▼▼▼
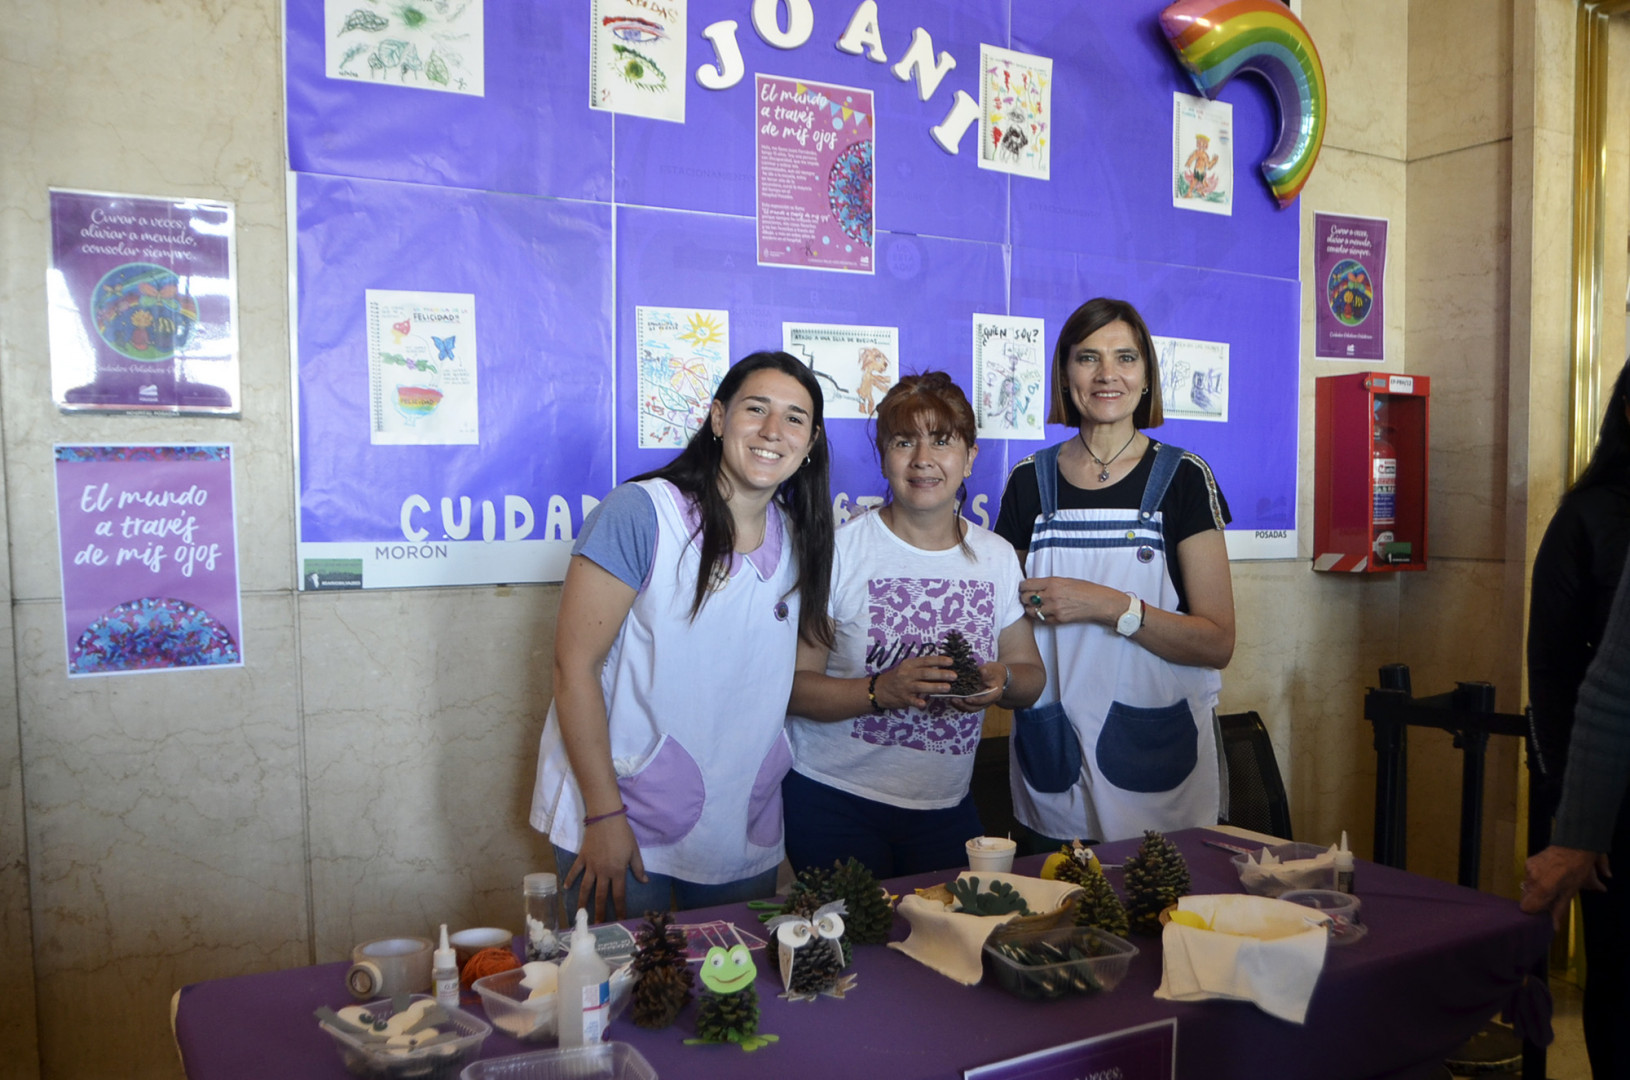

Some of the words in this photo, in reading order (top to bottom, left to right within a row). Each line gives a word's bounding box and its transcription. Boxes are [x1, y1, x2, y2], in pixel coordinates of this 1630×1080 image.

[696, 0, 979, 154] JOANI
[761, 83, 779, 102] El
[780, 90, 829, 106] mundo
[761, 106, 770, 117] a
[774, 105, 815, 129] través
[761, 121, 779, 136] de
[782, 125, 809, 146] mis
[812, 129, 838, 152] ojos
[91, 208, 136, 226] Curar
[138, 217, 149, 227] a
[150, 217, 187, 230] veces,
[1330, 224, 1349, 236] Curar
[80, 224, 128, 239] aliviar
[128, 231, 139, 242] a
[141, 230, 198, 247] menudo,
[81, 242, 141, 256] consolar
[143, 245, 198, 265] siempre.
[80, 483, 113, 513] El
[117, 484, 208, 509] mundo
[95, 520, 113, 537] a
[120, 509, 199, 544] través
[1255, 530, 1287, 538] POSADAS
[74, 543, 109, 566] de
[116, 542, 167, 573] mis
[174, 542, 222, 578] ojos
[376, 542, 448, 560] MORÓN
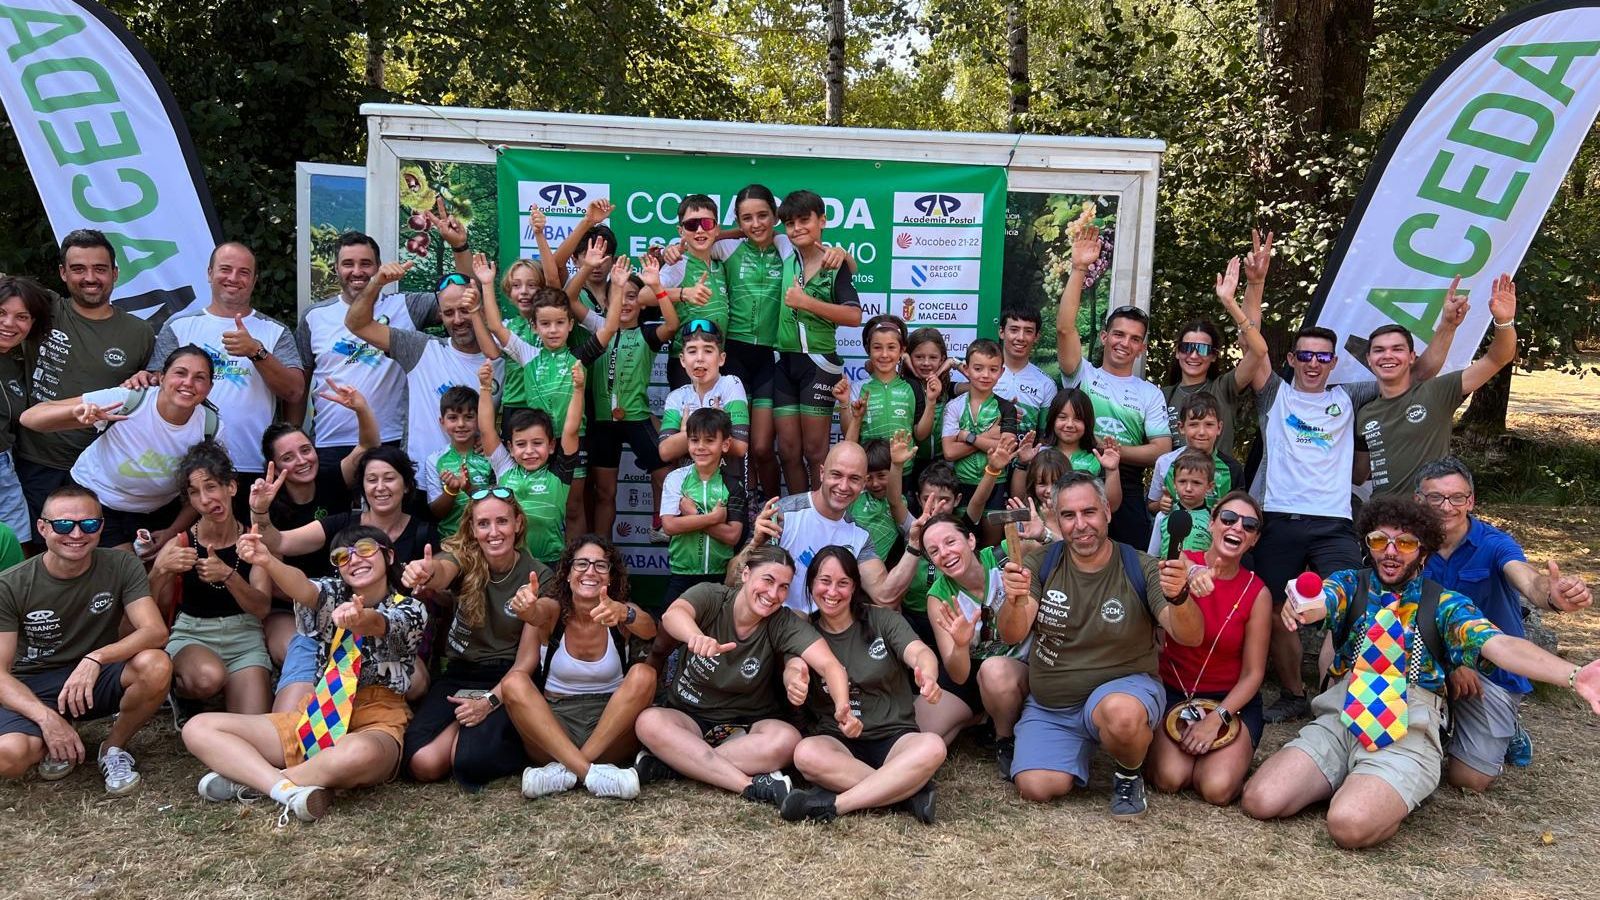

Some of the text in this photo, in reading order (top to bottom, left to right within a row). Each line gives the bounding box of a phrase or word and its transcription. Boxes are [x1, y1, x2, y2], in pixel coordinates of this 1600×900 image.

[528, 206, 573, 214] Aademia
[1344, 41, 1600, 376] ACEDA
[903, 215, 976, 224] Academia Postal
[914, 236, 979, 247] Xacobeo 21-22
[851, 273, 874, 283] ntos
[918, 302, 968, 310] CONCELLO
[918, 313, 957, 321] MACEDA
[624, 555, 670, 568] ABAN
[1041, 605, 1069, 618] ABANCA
▲▲▲
→ Problem details: Nothing but the lines from the one that contains "Some of the text" through the end of the listing above should be copied, each exactly as written.

→ Task result:
Some of the text in this photo, in reading order (top to bottom, left to right within a row). Each line gives the bounding box of a phrase or word and its transcription. Boxes are [x1, y1, x2, y2], in pixel coordinates of this 1600×900 image.

[528, 206, 573, 214] Aademia
[1344, 41, 1600, 376] ACEDA
[903, 215, 976, 224] Academia Postal
[914, 236, 979, 247] Xacobeo 21-22
[851, 273, 874, 283] ntos
[918, 302, 968, 310] CONCELLO
[918, 313, 957, 321] MACEDA
[624, 555, 670, 568] ABAN
[1041, 605, 1069, 618] ABANCA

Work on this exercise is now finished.